Chronic rejection is the leading cause of late graft loss in kidney transplantation. We tested the ability of mixed hematopoietic chimerism to prevent chronic renal allograft rejection in an established rat model and described possible mechanisms responsible for this tolerance. Mixed hematopoietic chimerism was established in lethally irradiated F-344 rats by reconstitution with Lewis bone marrow. Four groups (n = 5 each) received orthotopic kidney transplants: (1) allograft controls, (2) isograft controls, (3) experimental chimeras, and (4) specificity control. After 120 days kidney grafts were examined histologically, immunohistochemically, and for cytokine interferon-gamma, interleukin-2 (IL-2), IL-4, and IL-10 gene transcripts by means of reverse transcriptase polymerase chain reaction techniques.
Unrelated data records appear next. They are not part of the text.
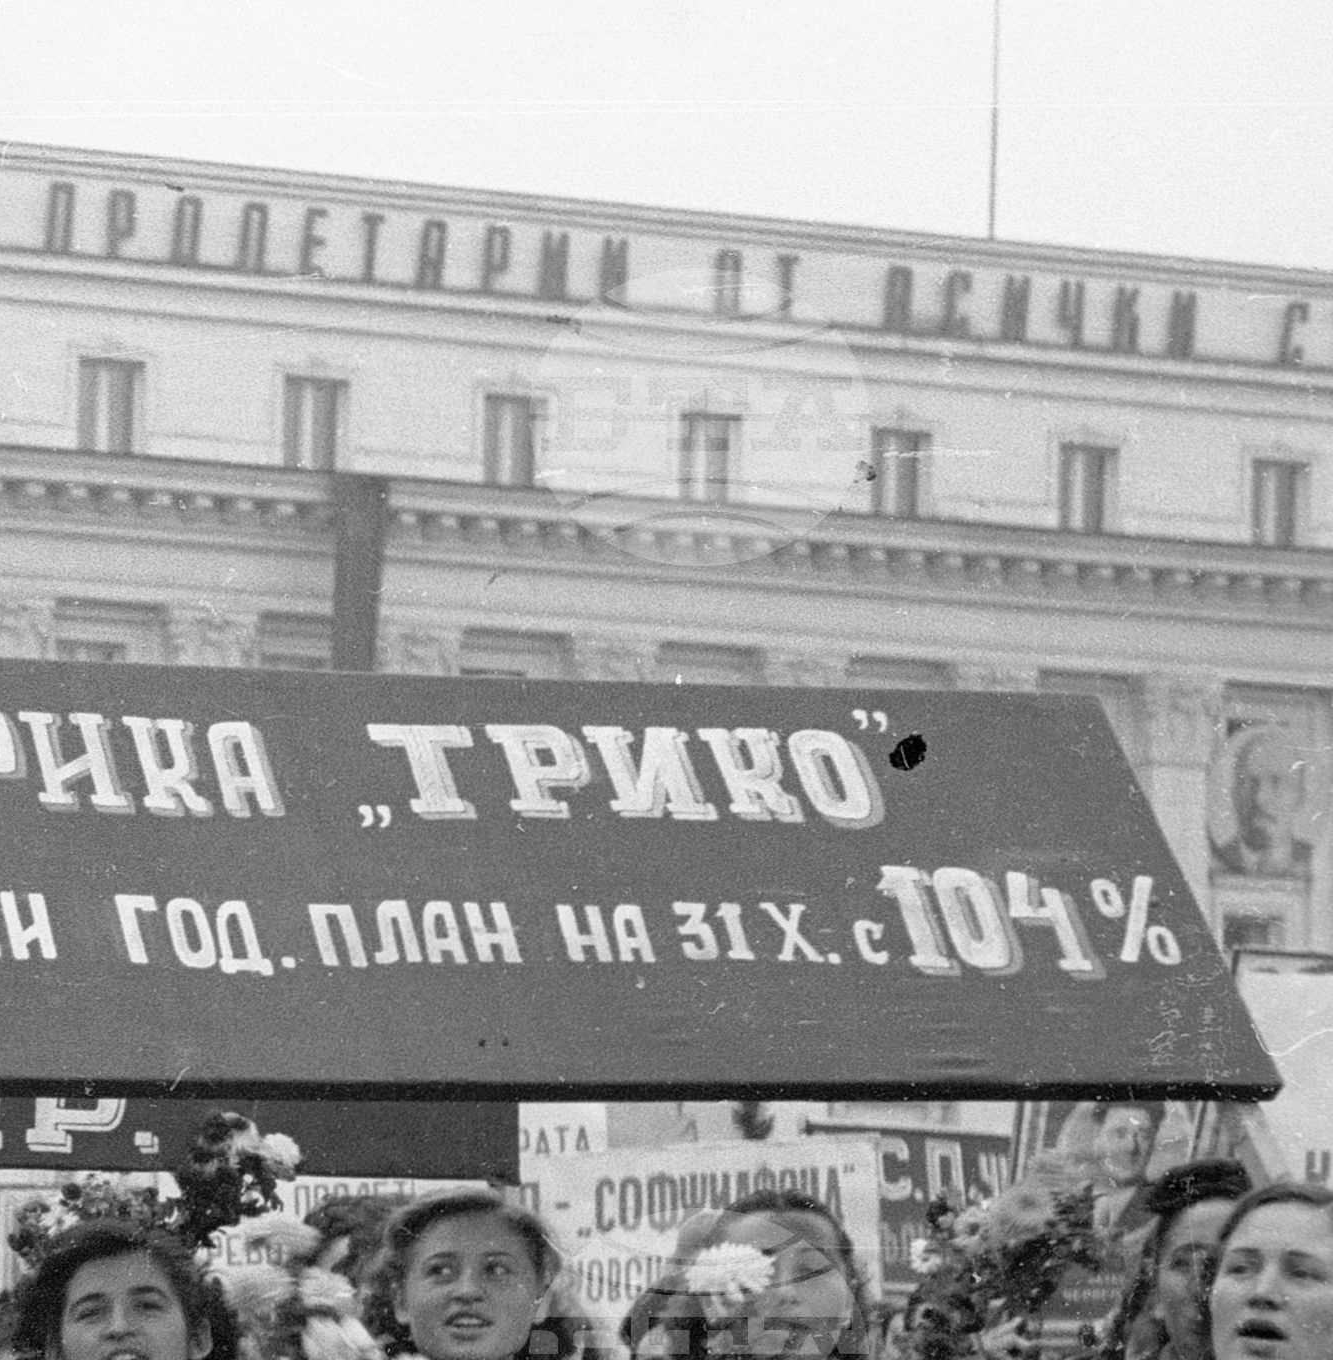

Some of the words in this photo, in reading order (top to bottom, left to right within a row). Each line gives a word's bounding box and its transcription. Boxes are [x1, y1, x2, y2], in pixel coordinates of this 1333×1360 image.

[43, 180, 630, 306] ПРОЛЕТАРИИ
[712, 248, 800, 319] ОТ
[881, 265, 1197, 359] ВСИЧКИ
[114, 893, 297, 976] ГОД.
[307, 899, 523, 968] ПЛАН
[556, 901, 656, 964] НА
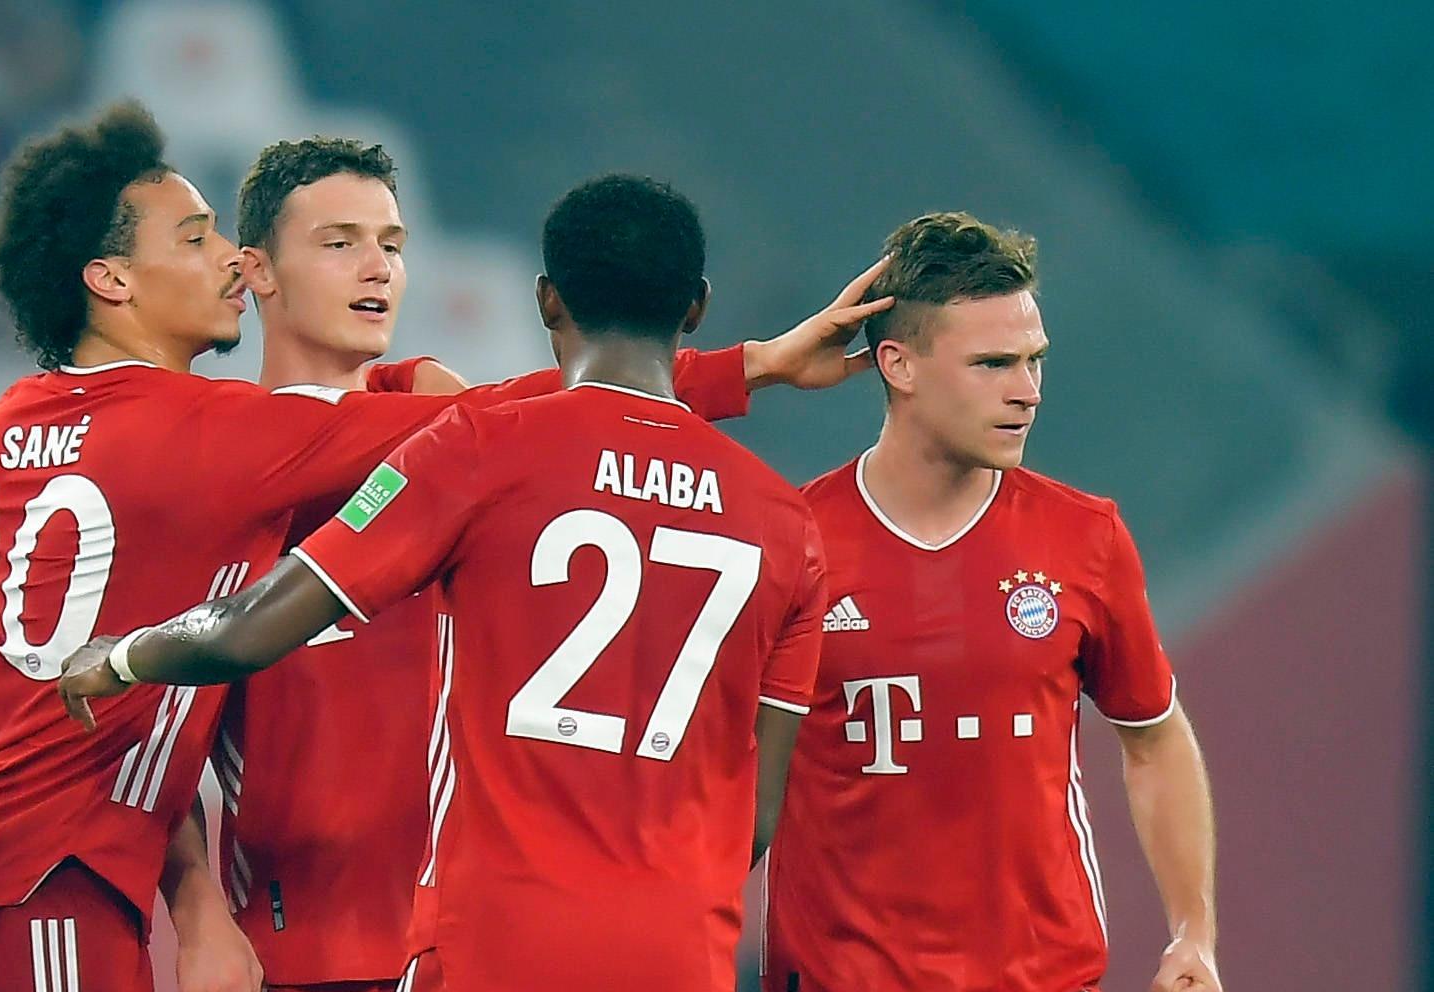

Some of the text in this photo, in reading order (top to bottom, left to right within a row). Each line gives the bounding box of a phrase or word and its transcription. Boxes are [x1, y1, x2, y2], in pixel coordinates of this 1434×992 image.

[0, 415, 92, 470] SANÉ
[594, 449, 723, 514] ALABA
[505, 508, 763, 762] 27
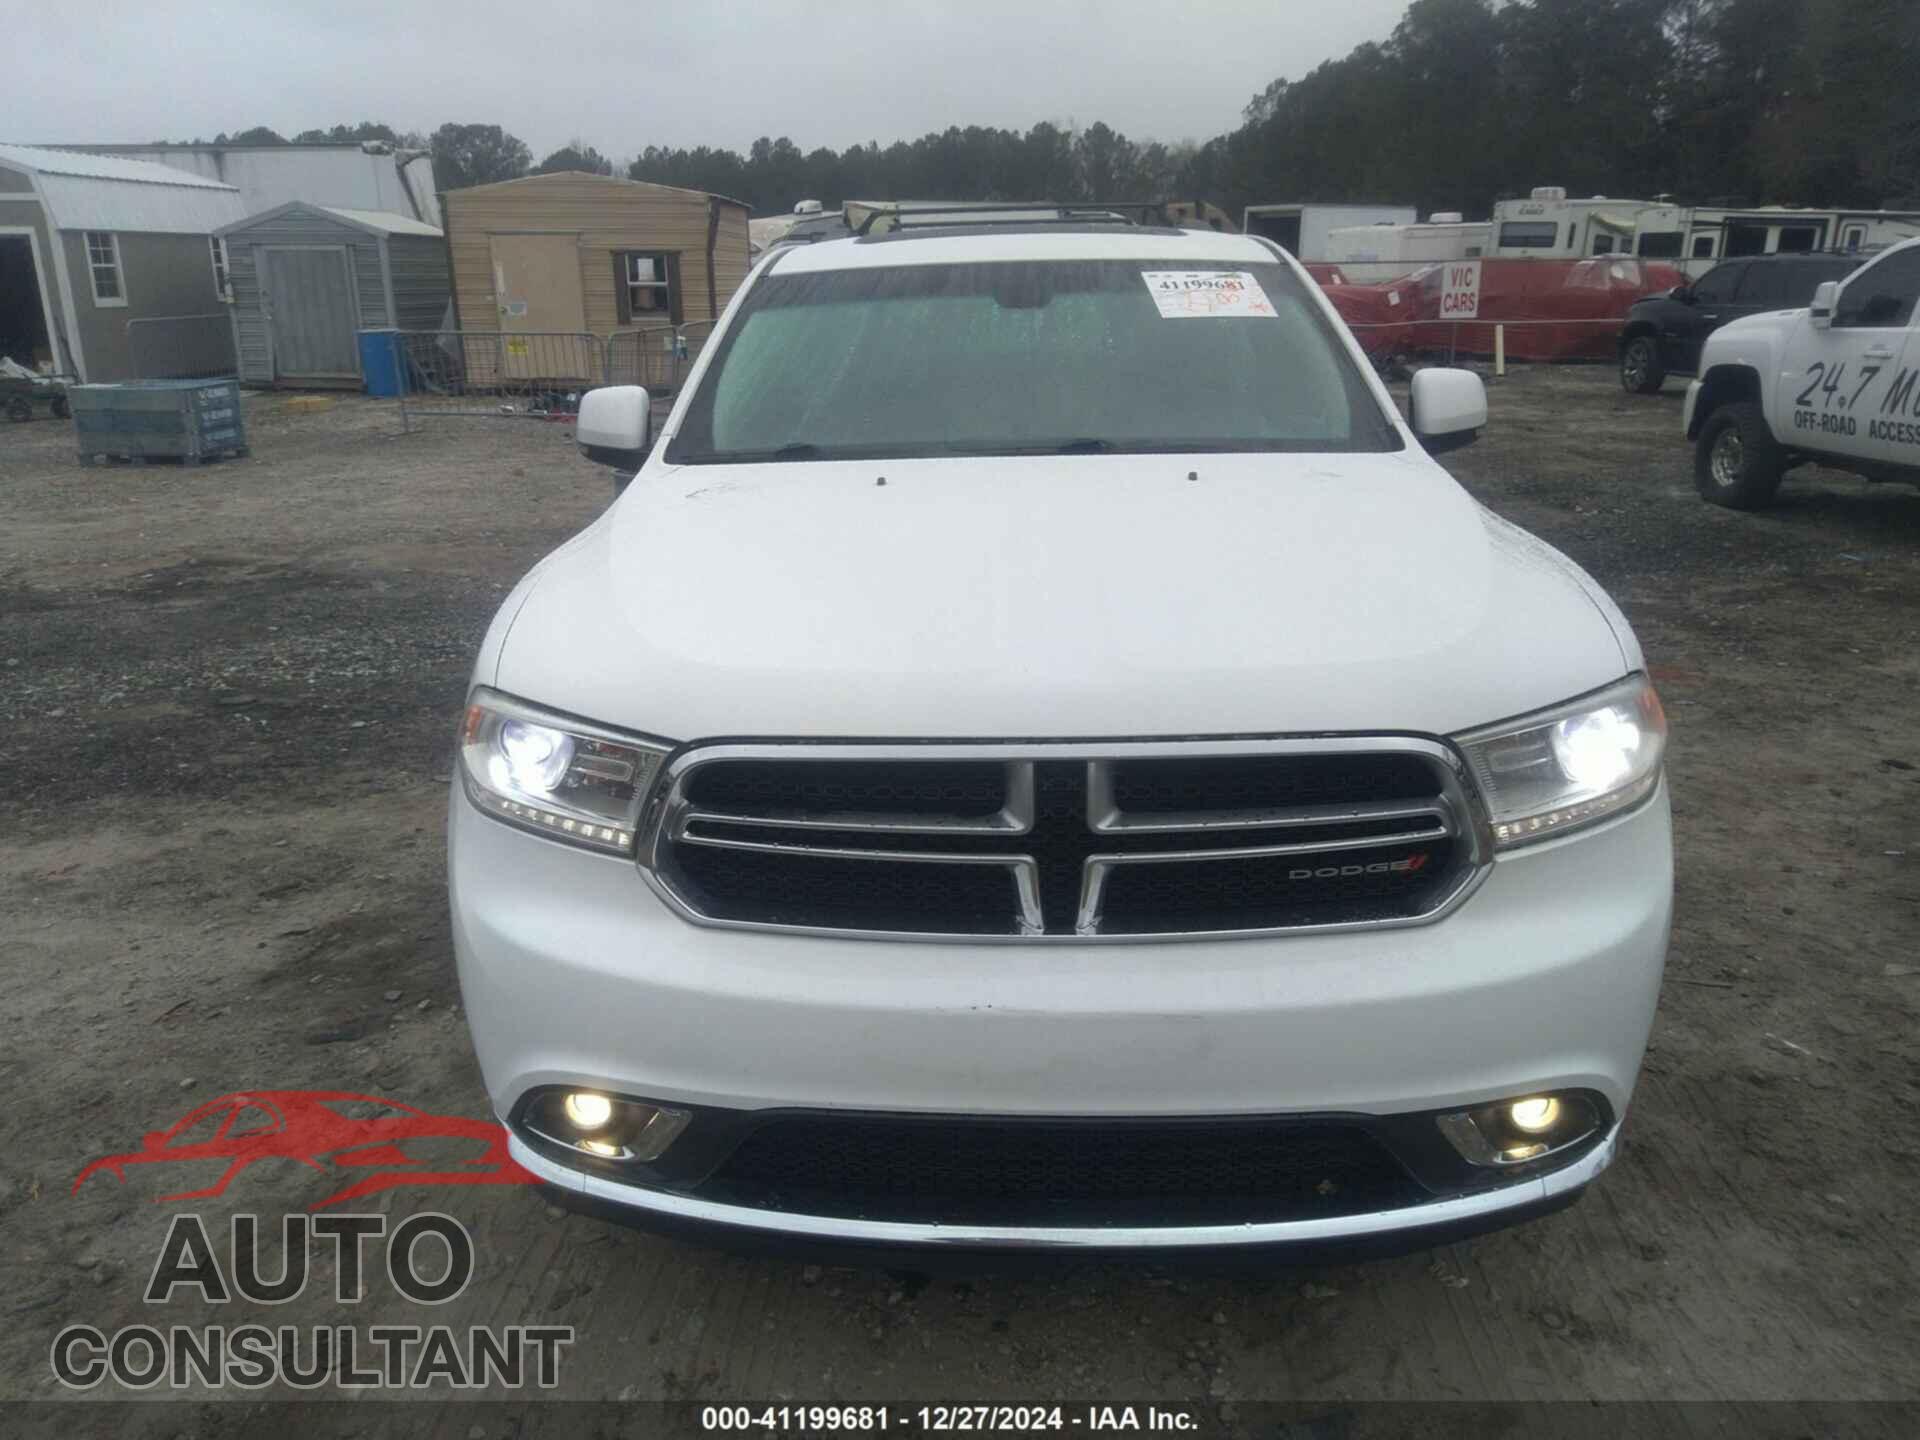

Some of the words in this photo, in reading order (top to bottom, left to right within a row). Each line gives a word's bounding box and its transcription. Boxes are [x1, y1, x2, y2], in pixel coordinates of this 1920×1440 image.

Allograft control group exhibited severe parenchymal fibrosis; isograft control and chimera groups failed to develop this lesion. Immunohistochemical analysis revealed increased CD8+ lymphocytes and ED-1+ monocyte-macrophages infiltrating the tubulointerstitium of control allografts. Interferon-gamma and IL-2 were absent in isografts. IL-4 was absent and IL-10 was positive in all grafts. Chimeras promptly rejected third-party allografts. Induction of specific tolerance through mixed hematopoietic chimerism prevents chronic renal allograft rejection. These results support the hypothesis of an immunologic basis of chronic rejection and advance previous observations that the induction of specific tolerance enables long-term solid organ transplantation without the use of immunosuppression.